→ **DATASET**
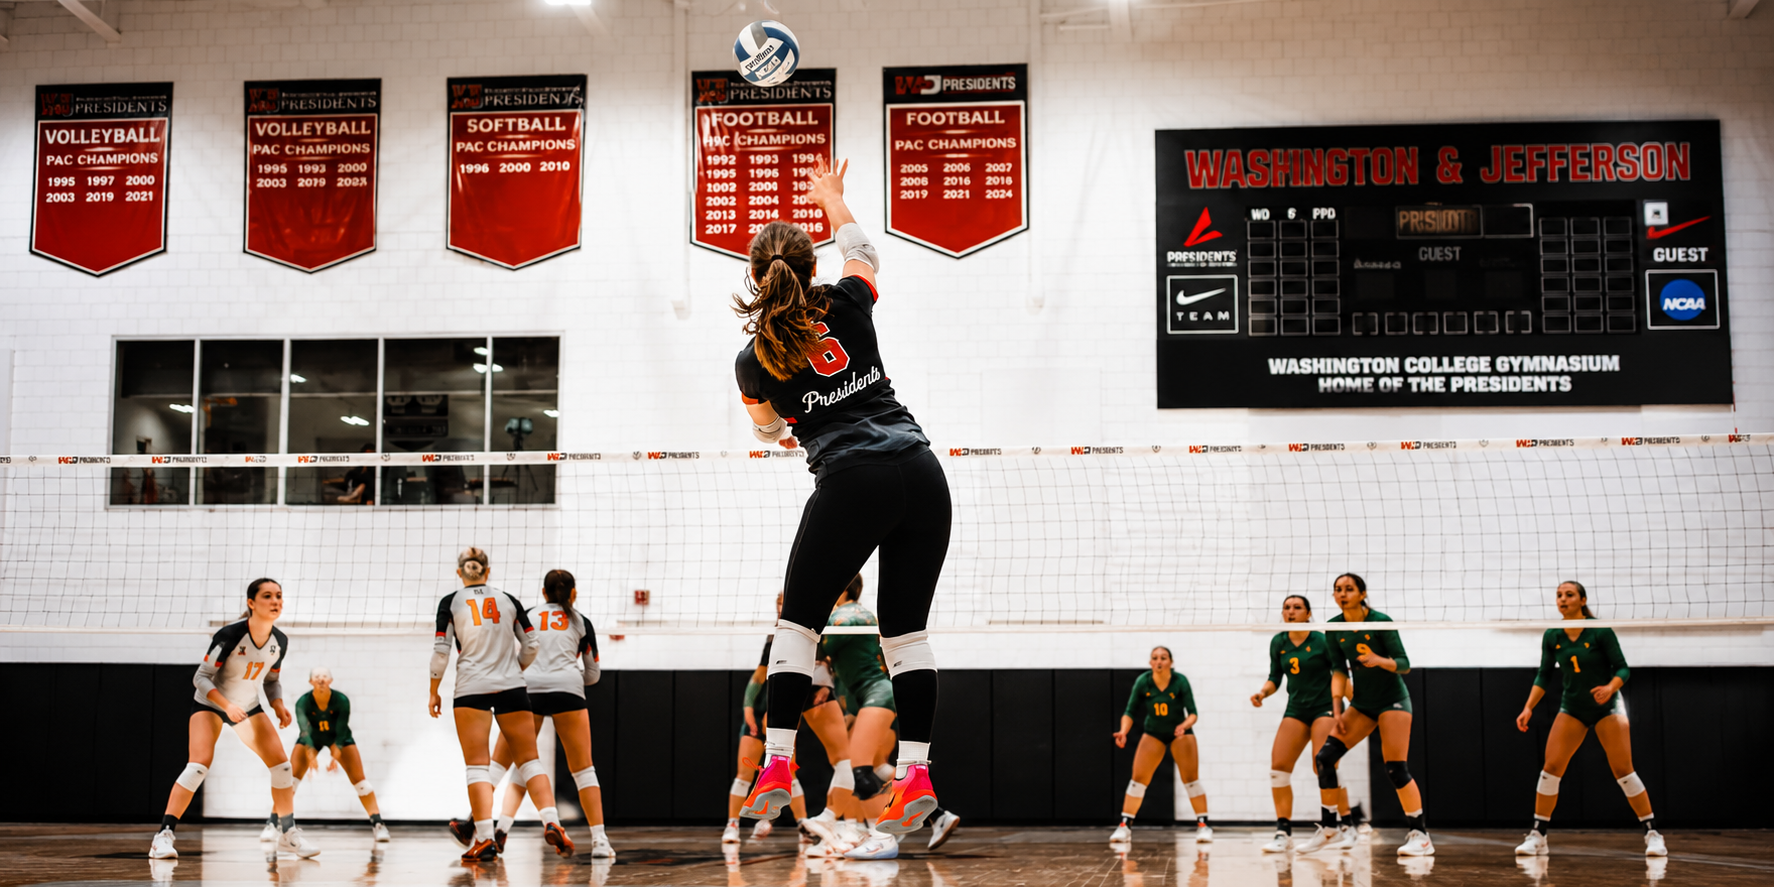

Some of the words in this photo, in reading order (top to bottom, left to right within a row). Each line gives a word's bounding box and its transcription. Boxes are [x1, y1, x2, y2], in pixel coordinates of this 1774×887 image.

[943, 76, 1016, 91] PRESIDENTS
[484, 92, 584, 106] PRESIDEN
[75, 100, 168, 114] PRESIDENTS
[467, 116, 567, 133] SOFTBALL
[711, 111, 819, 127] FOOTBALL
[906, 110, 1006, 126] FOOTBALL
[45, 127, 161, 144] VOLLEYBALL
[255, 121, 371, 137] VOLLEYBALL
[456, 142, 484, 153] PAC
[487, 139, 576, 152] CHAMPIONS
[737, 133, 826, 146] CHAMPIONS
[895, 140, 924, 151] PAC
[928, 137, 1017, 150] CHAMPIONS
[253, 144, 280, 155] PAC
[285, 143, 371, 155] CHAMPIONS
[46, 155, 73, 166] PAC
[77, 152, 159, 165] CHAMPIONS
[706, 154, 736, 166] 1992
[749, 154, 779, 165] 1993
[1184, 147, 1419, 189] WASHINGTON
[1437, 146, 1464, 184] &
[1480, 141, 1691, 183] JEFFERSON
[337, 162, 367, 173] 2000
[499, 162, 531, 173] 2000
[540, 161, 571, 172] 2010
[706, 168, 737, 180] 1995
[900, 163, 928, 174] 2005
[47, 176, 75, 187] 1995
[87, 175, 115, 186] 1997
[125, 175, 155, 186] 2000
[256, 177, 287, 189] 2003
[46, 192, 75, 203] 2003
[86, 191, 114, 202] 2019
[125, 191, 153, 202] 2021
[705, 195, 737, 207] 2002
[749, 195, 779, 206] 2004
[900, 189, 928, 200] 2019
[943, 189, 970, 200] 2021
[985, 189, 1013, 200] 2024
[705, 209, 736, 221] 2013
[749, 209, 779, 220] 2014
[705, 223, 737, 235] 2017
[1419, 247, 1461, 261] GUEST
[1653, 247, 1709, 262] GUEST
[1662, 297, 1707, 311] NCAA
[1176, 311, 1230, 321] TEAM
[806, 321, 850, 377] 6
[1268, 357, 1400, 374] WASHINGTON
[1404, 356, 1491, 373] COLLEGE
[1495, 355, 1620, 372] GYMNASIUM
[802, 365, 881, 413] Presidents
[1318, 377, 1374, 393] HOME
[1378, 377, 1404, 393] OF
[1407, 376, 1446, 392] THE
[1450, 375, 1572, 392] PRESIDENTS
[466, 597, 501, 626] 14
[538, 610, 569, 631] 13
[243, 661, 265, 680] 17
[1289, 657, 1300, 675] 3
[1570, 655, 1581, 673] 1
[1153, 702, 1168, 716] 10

→ **AIM OF THE TASK**
Every line above with the word "CHAMPIONS" belongs in the answer, copied as written.

→ **SOLUTION TO THIS PROBLEM**
[487, 139, 576, 152] CHAMPIONS
[737, 133, 826, 146] CHAMPIONS
[928, 137, 1017, 150] CHAMPIONS
[285, 143, 371, 155] CHAMPIONS
[77, 152, 159, 165] CHAMPIONS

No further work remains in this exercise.